#### Supplied material ####

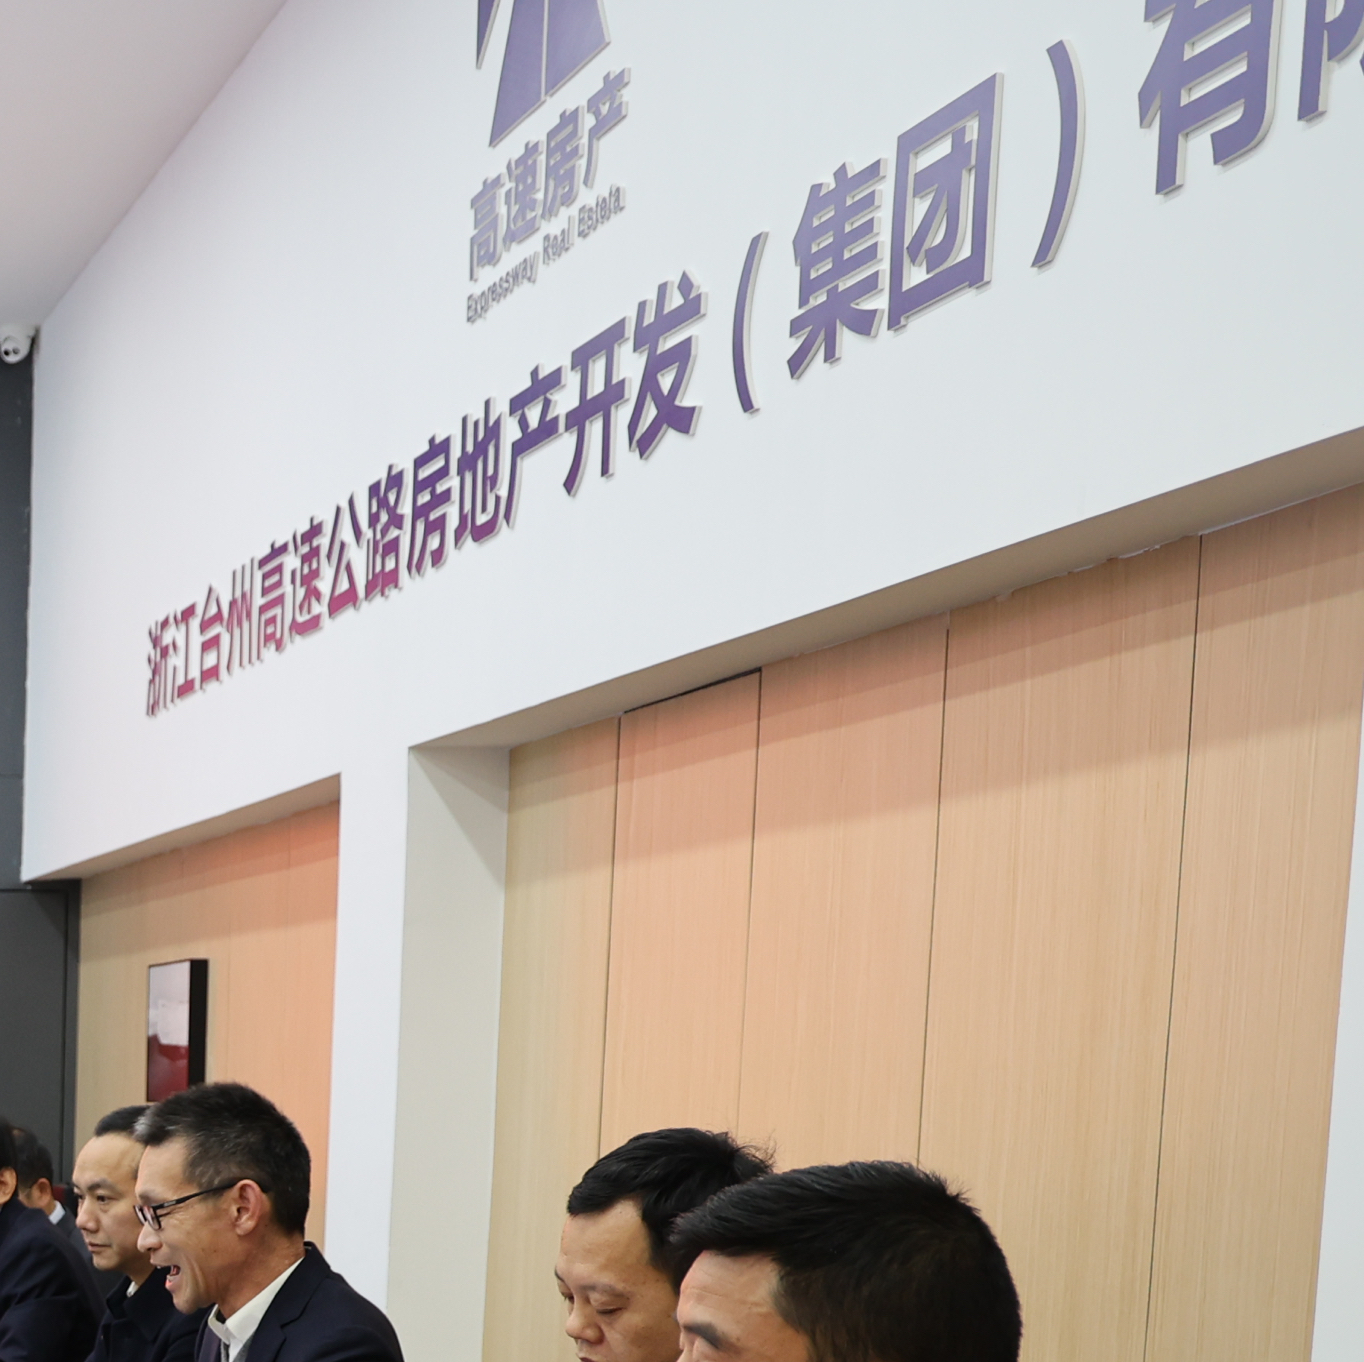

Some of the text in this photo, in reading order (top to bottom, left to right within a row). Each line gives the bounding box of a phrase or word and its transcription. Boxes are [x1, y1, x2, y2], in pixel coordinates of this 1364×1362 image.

[470, 66, 631, 283] 高速房产
[466, 250, 540, 325] Expressway
[542, 213, 575, 267] Real
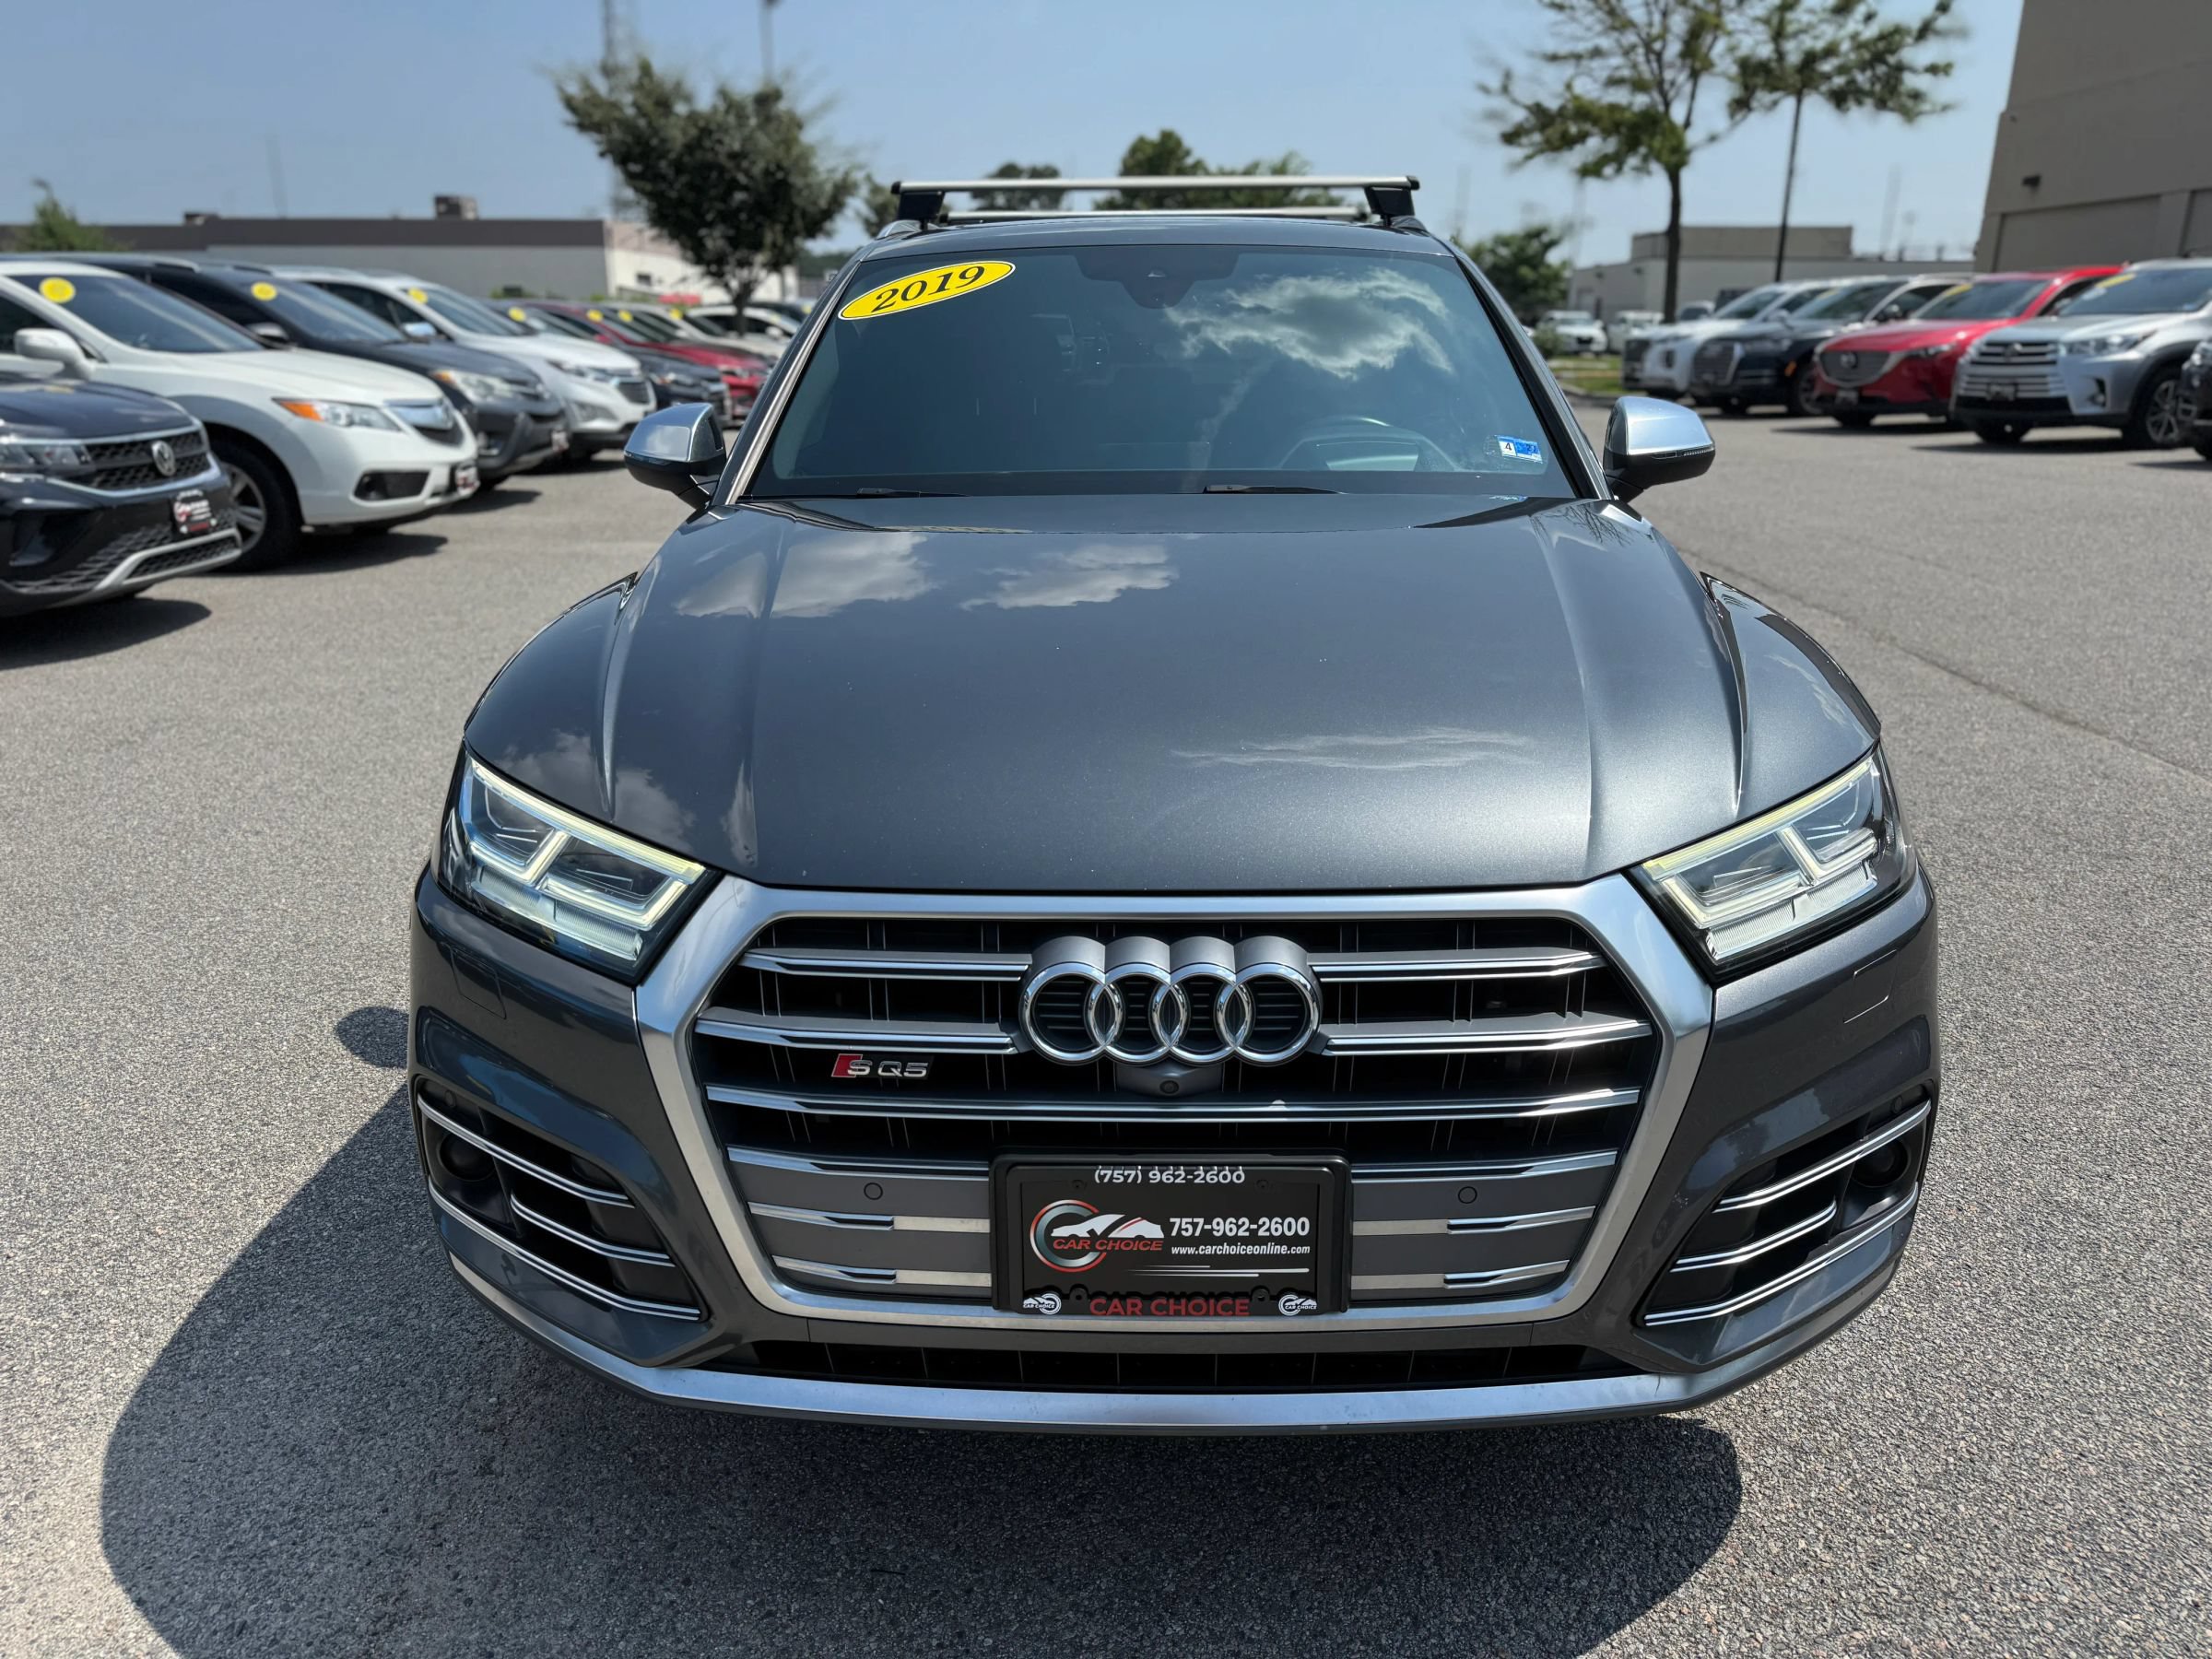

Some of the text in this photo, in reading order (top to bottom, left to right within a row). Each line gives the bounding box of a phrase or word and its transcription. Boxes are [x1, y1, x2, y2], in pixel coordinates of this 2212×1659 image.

[871, 265, 985, 313] 2019
[1094, 1169, 1245, 1183] (757) 962-2600
[1170, 1217, 1311, 1237] 757-962-2600
[1053, 1239, 1164, 1251] CAR CHOICE
[1171, 1242, 1311, 1255] www.carchoiceonline.com
[1089, 1298, 1250, 1316] CAR CHOICE

####

### Activity
Reproduce every line above exactly as written, omitting the images.

### Solved problem
Some of the text in this photo, in reading order (top to bottom, left to right within a row). Each line gives the bounding box of a phrase or word and its transcription. Boxes are [x1, y1, x2, y2], in pixel coordinates of this 1364×1362 image.

[470, 66, 631, 283] 高速房产
[466, 250, 540, 325] Expressway
[542, 213, 575, 267] Real

Some of the text in this photo, in reading order (top to bottom, left to right within a row). Each line gives the bounding box of a phrase or word and its transcription. Boxes are [x1, y1, x2, y2], in pixel coordinates of this 2212×1659 image.

[871, 265, 985, 313] 2019
[1094, 1169, 1245, 1183] (757) 962-2600
[1170, 1217, 1311, 1237] 757-962-2600
[1053, 1239, 1164, 1251] CAR CHOICE
[1171, 1242, 1311, 1255] www.carchoiceonline.com
[1089, 1298, 1250, 1316] CAR CHOICE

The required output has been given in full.